If you're willing to unfold the creases of your mind, you might just come away with a smile.Reviewed bytayman-2Vote: 7/10

Kakera- A piece of our Life There are films you love, films you hate and films that, quite frankly, leave you more perplexed than Dubbya-Dubbya and his bumper book of Sudoku. This one is likely to fall into that latter category for many people as Momoko Ando's directorial debut is something of an enigma, but if you're willing to unfold the creases of your mind, you might just come away with a smile.

I wanted to start this piece with a string of the films and directors that have clearly inspired the film, and whilst one might be inclined to suggest more than just the delicacy and vibrancy of Wong-Kar Wai (in particular Chungking Express) or even similarities to the female-female relationship at the centre of Ji-Woon Kim's 'A Tale Of Two Sisters' (don't let its 'J-Horror' tag fool you), to do so would be to remove the essence of Kakera- A piece of our Life and to replace it with something less unique, more generic and undeniably Hollywood, ultimately fuelling a presupposition that in all likelihood would not represent the film with complete honesty. So, with that in mind I would like to instead offer this man's thoughts with the hope that any subjectivity here is simply the by-product of a mind unfolded.

Based loosely (80% is supposedly new material written solely for the screen) on the 1996 manga 'Love Vibes' by Japanese manga artist Erica Sakurazawa, Kakera is the story of Haru, a quiet college student in a loveless relationship with a character designed to dislike, and Riko, a young prosthetist with a penchant for the women and something of a 'Yandere' character, who meet one day, quite by chance, in a cafe. Riko shows an immediate interest in Haru and this simple encounter is the catalyst for the entire film.

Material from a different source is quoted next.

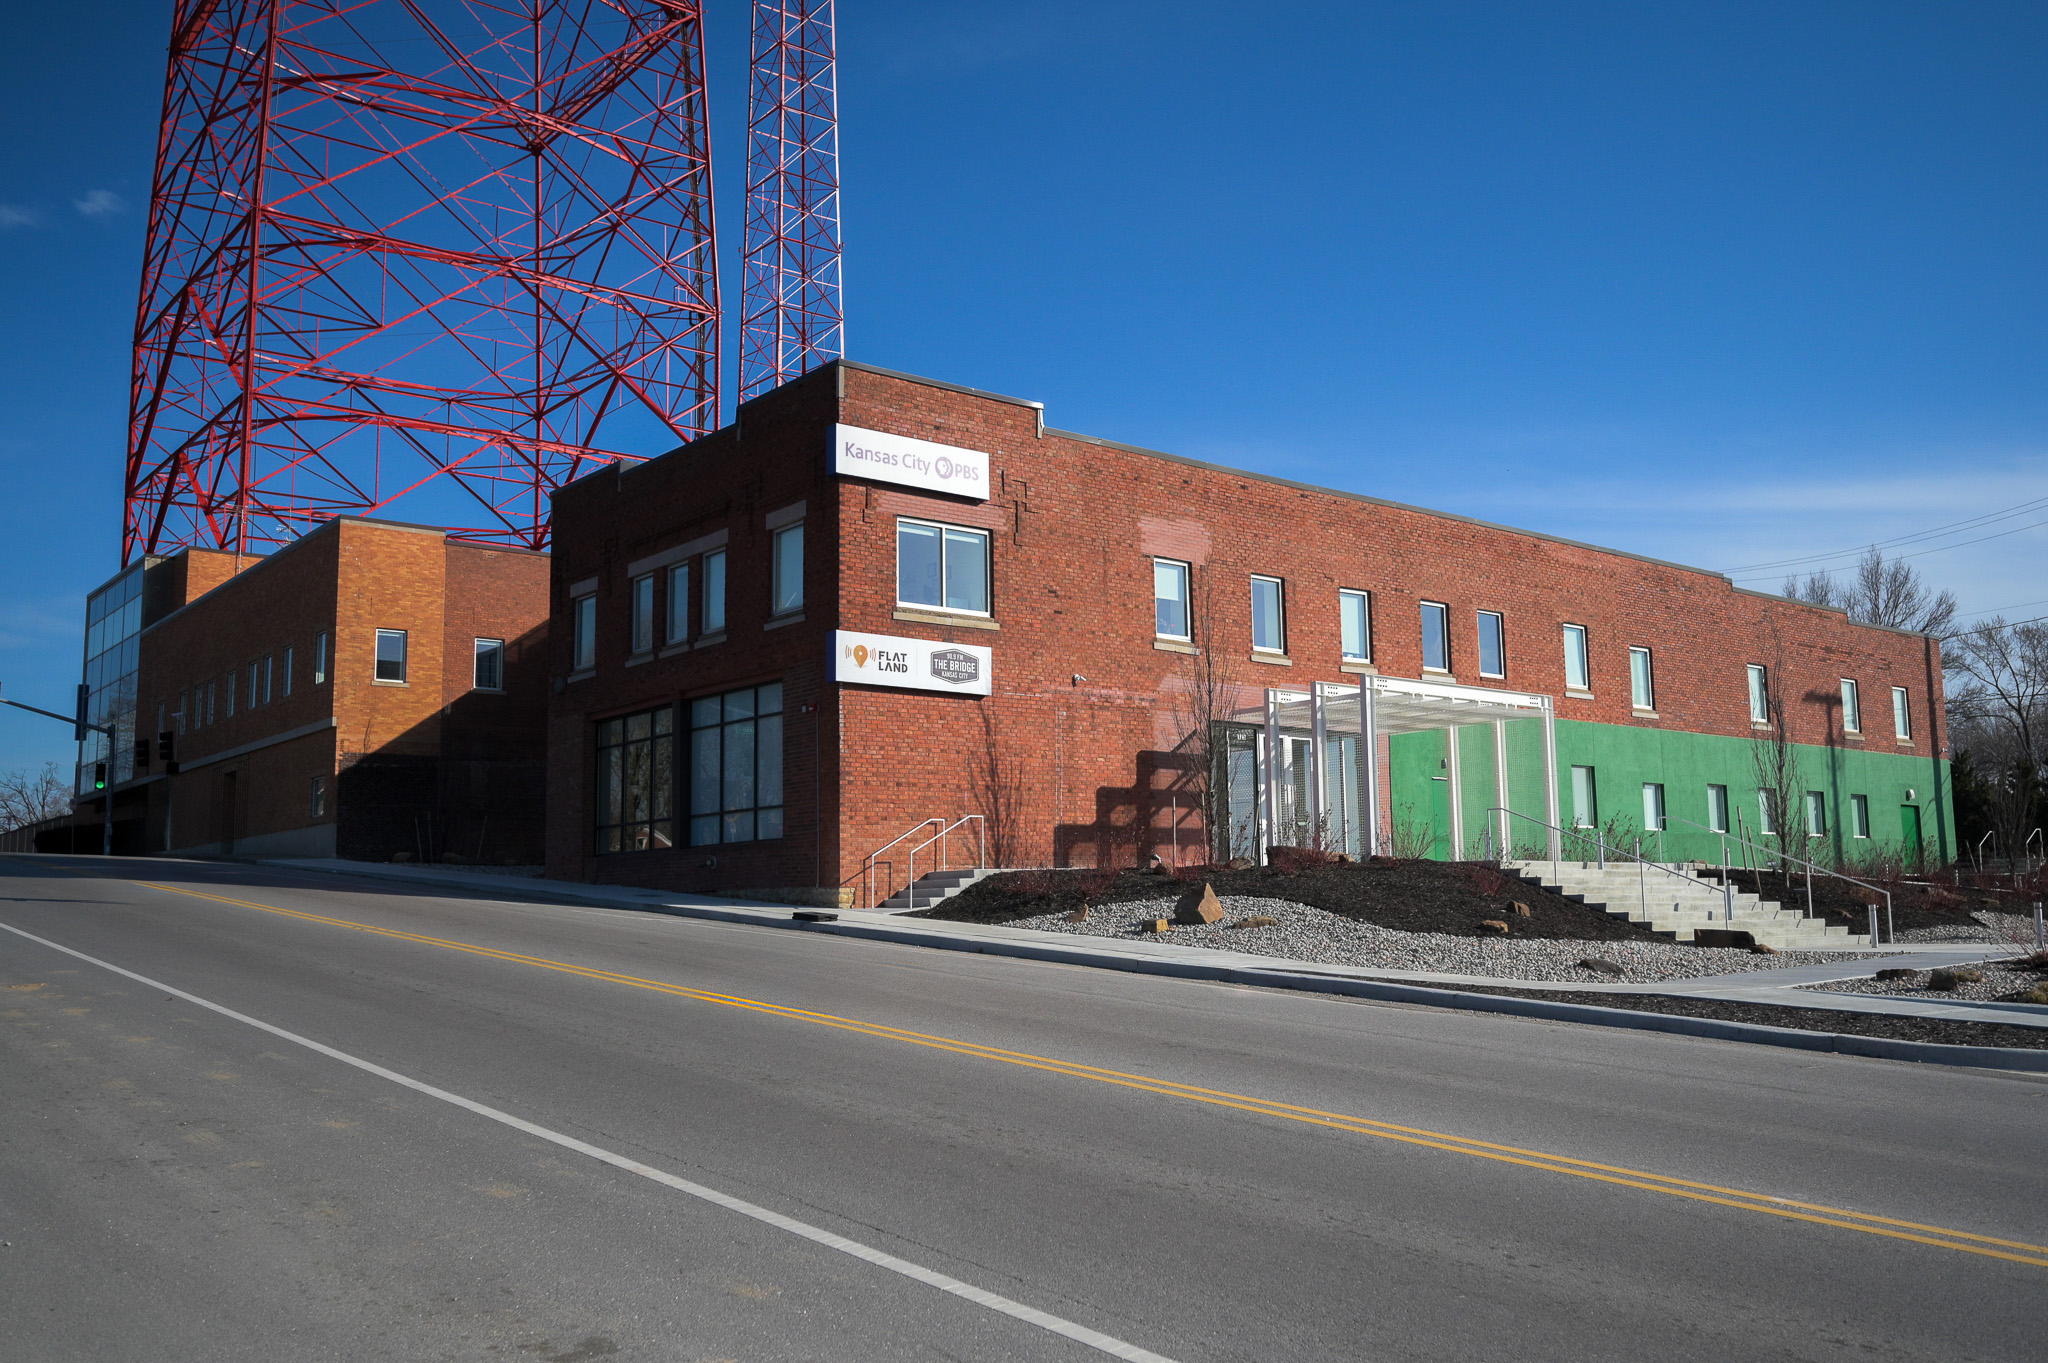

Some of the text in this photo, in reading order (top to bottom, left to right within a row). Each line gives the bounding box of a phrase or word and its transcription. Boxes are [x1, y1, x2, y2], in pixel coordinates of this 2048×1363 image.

[846, 442, 979, 480] Kansas City PBS
[878, 650, 908, 662] FLAT
[878, 662, 908, 673] LAND
[934, 658, 976, 673] THE BRIDGE

One of the most enjoyable aspects of the film is that it is peppered with little gems of wisdom (perhaps the most inspiring being the idea of not wasting any opportunity for the fear of not getting another one – carpe diem if you will) and is often conducive to helpless smiles (just see if you don't when you see Haru prodding Riko's bum). On the other hand, it also invites you to share in the frustrations born of feeling trapped (you'll see just that when Riko joins Haru on a couple of occasions at college socials).

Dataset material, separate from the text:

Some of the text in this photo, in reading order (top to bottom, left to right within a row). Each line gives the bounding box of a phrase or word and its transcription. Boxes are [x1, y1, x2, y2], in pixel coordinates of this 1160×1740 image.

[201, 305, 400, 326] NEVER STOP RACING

There are several instances of subtle visual rhetoric that will, should you find them, reward you with a more complete viewing and give you food for thought for the trouble. One such rhetoric, however, is so glaring and unrealistic (a 'soda-pop' bottle is thrown into the air whereupon it transforms into a two-headed dove (!?) and flies away) much of the audience gave audible smirks of disbelief.

As for the questions asked?Well, really there is only one, but the point is to find it for yourself and if you find others, all the better. Admittedly, this can sometimes be frustrating and certainly there were members of the screening audience that didn't see this even by the time the credits rolled, but these questions, even if just allusions to them, can often enrich a cinematic experience – thank you, Coen Brothers.

So for anybody with an interest in Japanese culture, this film will do you proud. Whilst this is no tourist advert (the cast is tiny (and thus not representative of a cross section of society) and the locations drab), fans of cinema and culture-enthusiasts alike will enjoy the little flourishes of genius and the fact that it's simply a Japanese movie, respectively. For everybody else, go see it and let it open your mind. Sometimes a question is better asked than a question answered.